In your copy, leave out the pictures and repeat every record exactly.
☆ ☆ ☆
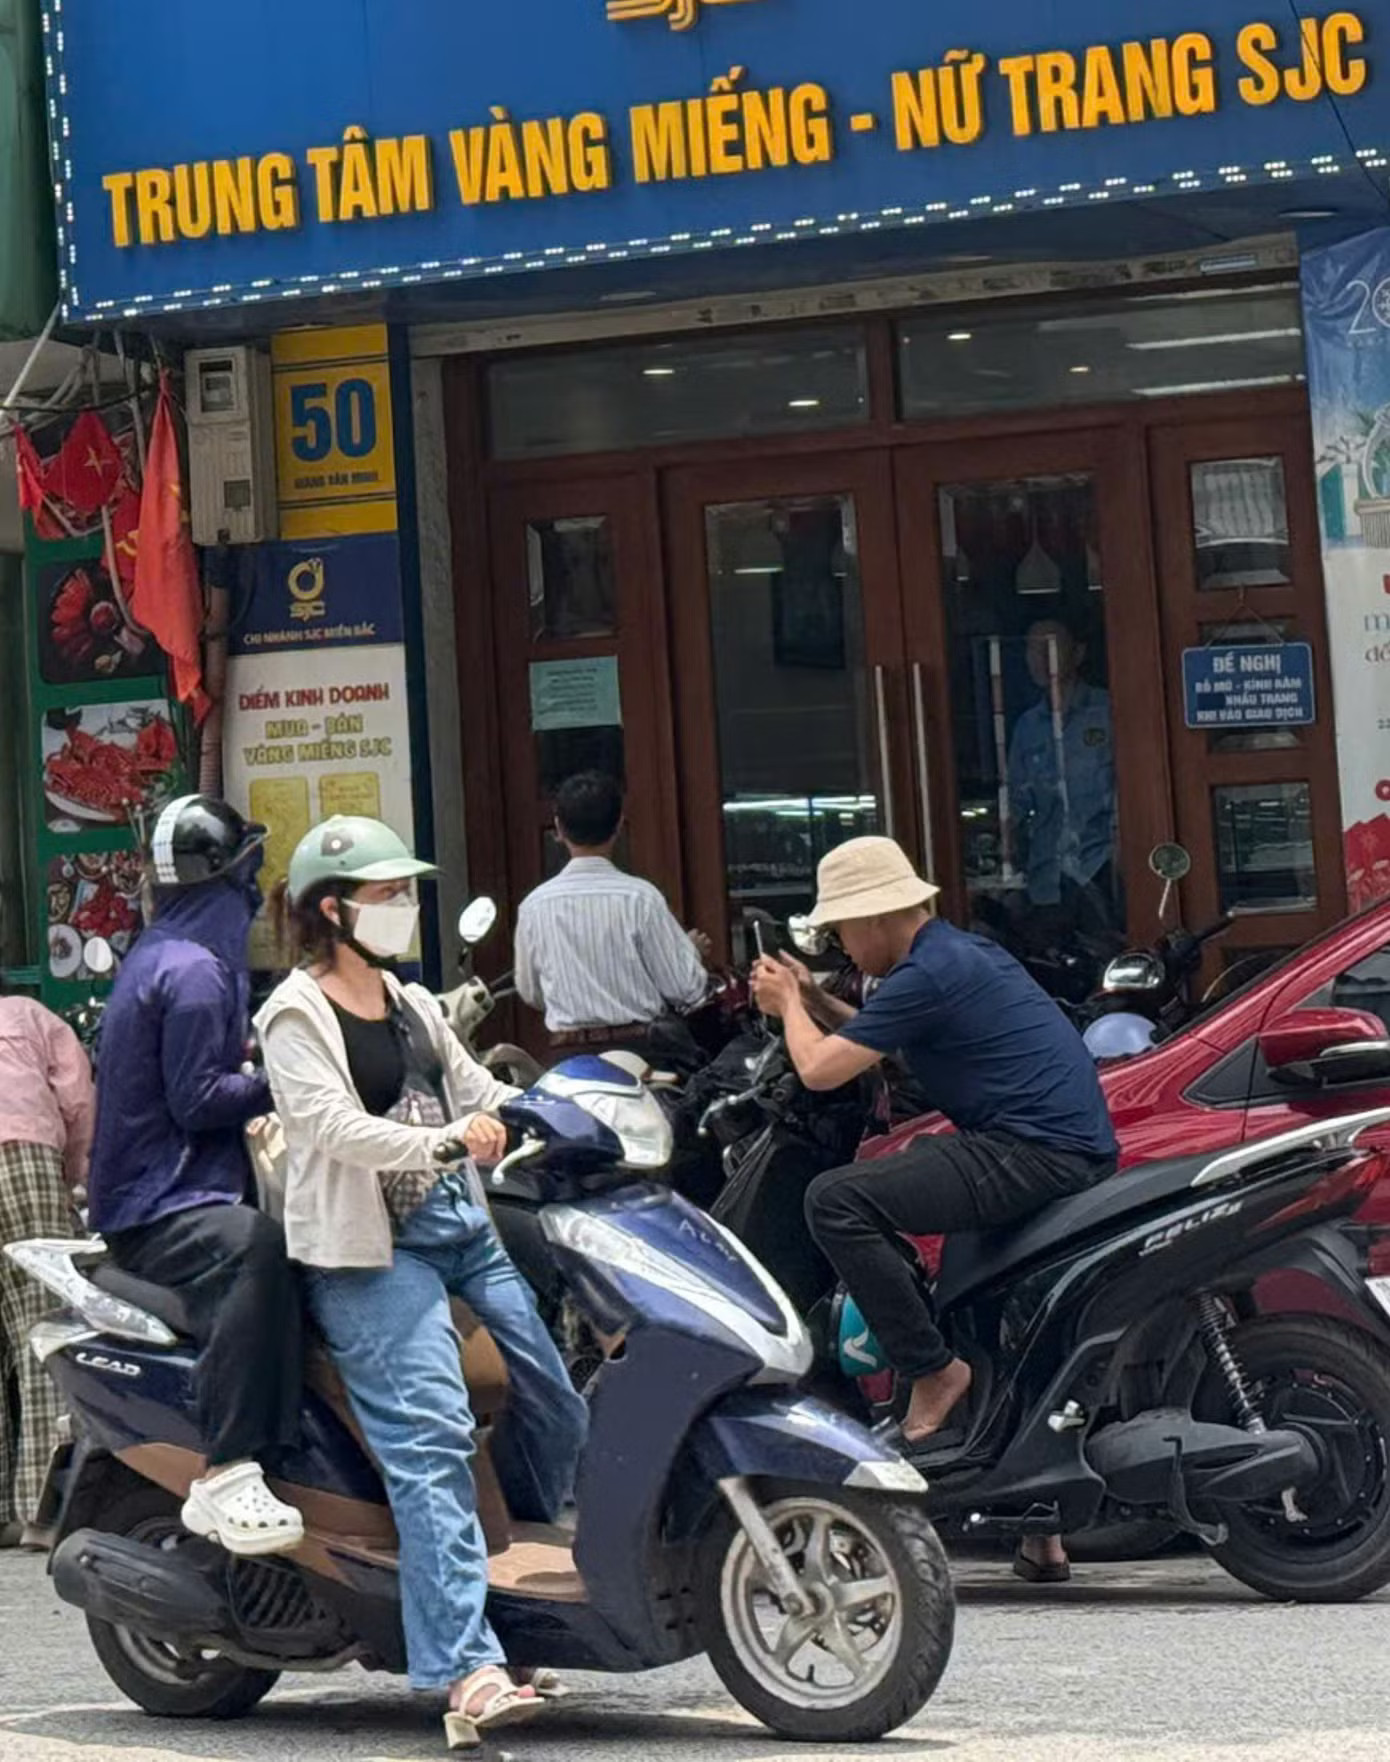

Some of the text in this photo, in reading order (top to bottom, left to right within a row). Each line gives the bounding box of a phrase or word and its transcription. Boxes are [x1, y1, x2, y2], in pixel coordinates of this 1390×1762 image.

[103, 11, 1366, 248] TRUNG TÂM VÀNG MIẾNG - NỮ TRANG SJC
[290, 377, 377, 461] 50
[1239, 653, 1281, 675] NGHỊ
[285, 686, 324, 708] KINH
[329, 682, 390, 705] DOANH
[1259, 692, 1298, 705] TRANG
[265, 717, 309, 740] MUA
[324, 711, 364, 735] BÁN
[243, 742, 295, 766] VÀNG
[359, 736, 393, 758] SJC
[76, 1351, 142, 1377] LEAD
☆ ☆ ☆
● YOUR SOLUTION:
Some of the text in this photo, in reading order (top to bottom, left to right within a row). Each line gives the bounding box of a phrase or word and its transcription. Boxes are [x1, y1, x2, y2], in pixel coordinates of this 1390×1762 image.

[103, 11, 1366, 248] TRUNG TÂM VÀNG MIẾNG - NỮ TRANG SJC
[290, 377, 377, 461] 50
[1239, 653, 1281, 675] NGHỊ
[285, 686, 324, 708] KINH
[329, 682, 390, 705] DOANH
[1259, 692, 1298, 705] TRANG
[265, 717, 309, 740] MUA
[324, 711, 364, 735] BÁN
[243, 742, 295, 766] VÀNG
[359, 736, 393, 758] SJC
[76, 1351, 142, 1377] LEAD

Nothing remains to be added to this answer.